____ SOURCE DATA

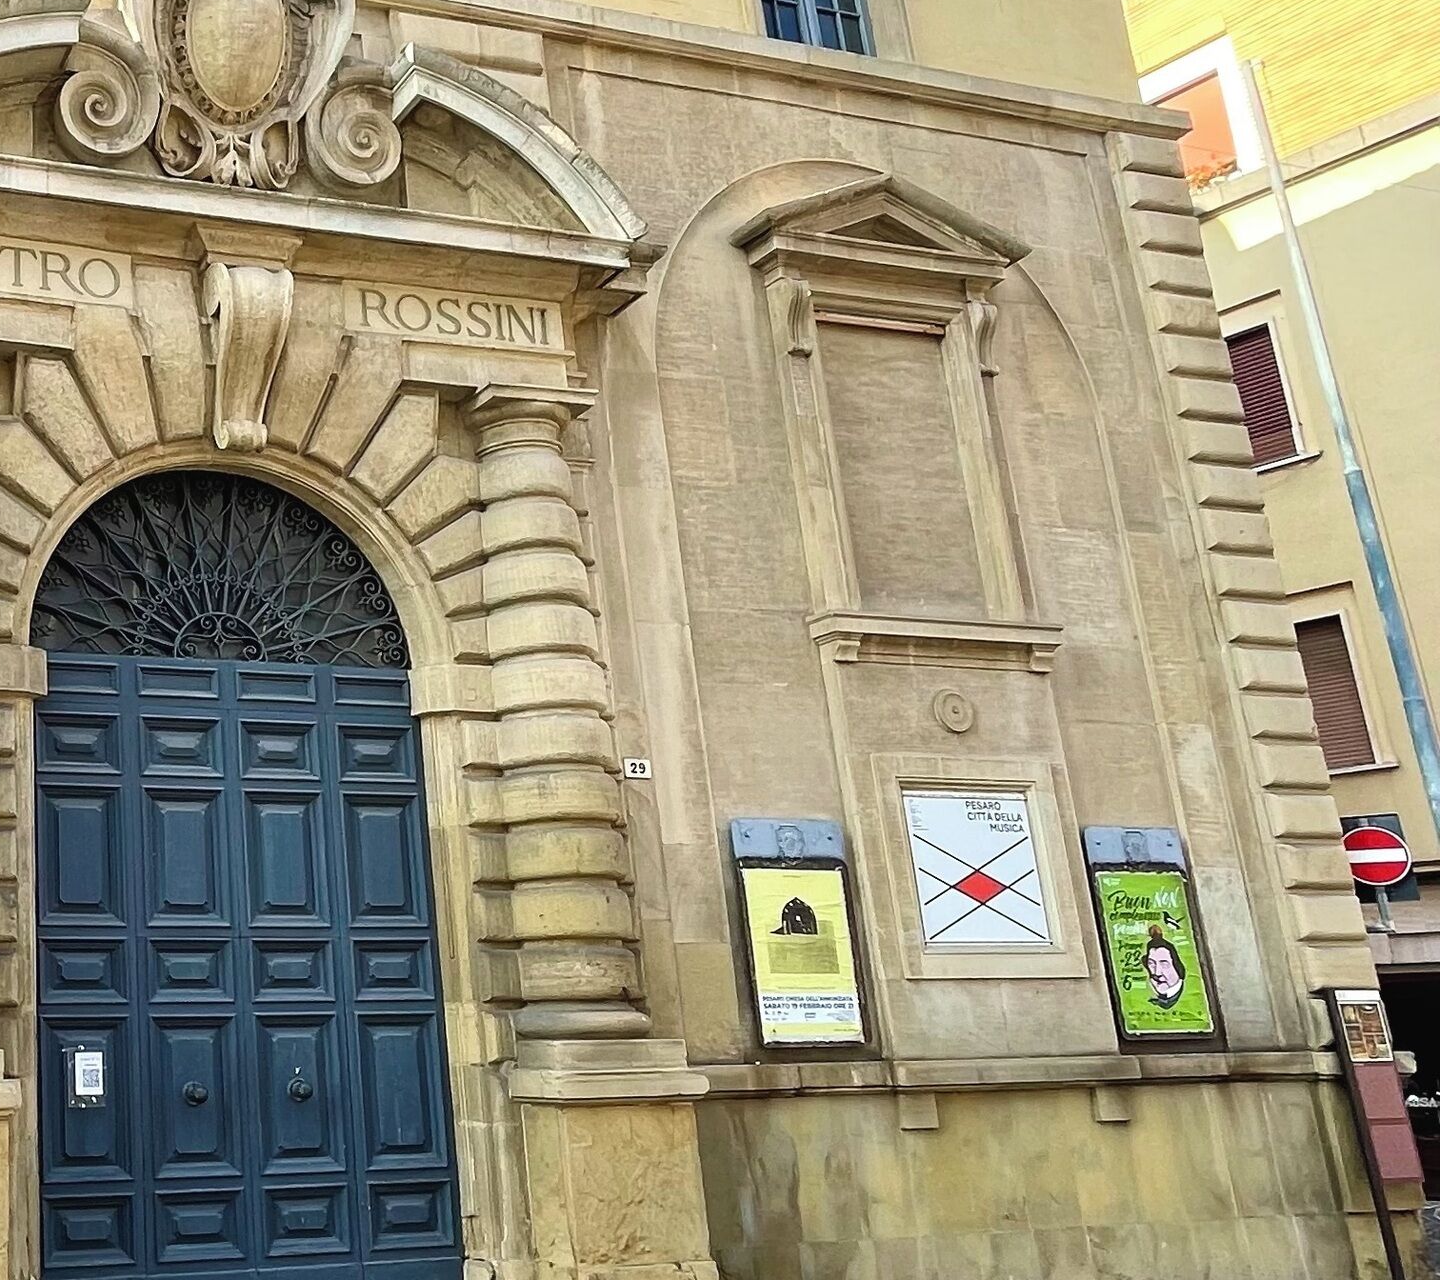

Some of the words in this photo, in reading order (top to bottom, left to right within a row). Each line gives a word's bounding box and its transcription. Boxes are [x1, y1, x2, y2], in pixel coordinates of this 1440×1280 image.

[359, 288, 549, 345] ROSSINI
[630, 762, 646, 774] 29
[965, 800, 1001, 810] PESARO
[994, 813, 1023, 822] DELLA
[989, 823, 1025, 832] MUSICA

________

When you transcribe the entries, reproduce each line exactly and skip any picture.

## RESPONSE TO THIS EXERCISE
Some of the words in this photo, in reading order (top to bottom, left to right within a row). Each line gives a word's bounding box and its transcription. Boxes are [x1, y1, x2, y2], in pixel coordinates of this 1440×1280 image.

[359, 288, 549, 345] ROSSINI
[630, 762, 646, 774] 29
[965, 800, 1001, 810] PESARO
[994, 813, 1023, 822] DELLA
[989, 823, 1025, 832] MUSICA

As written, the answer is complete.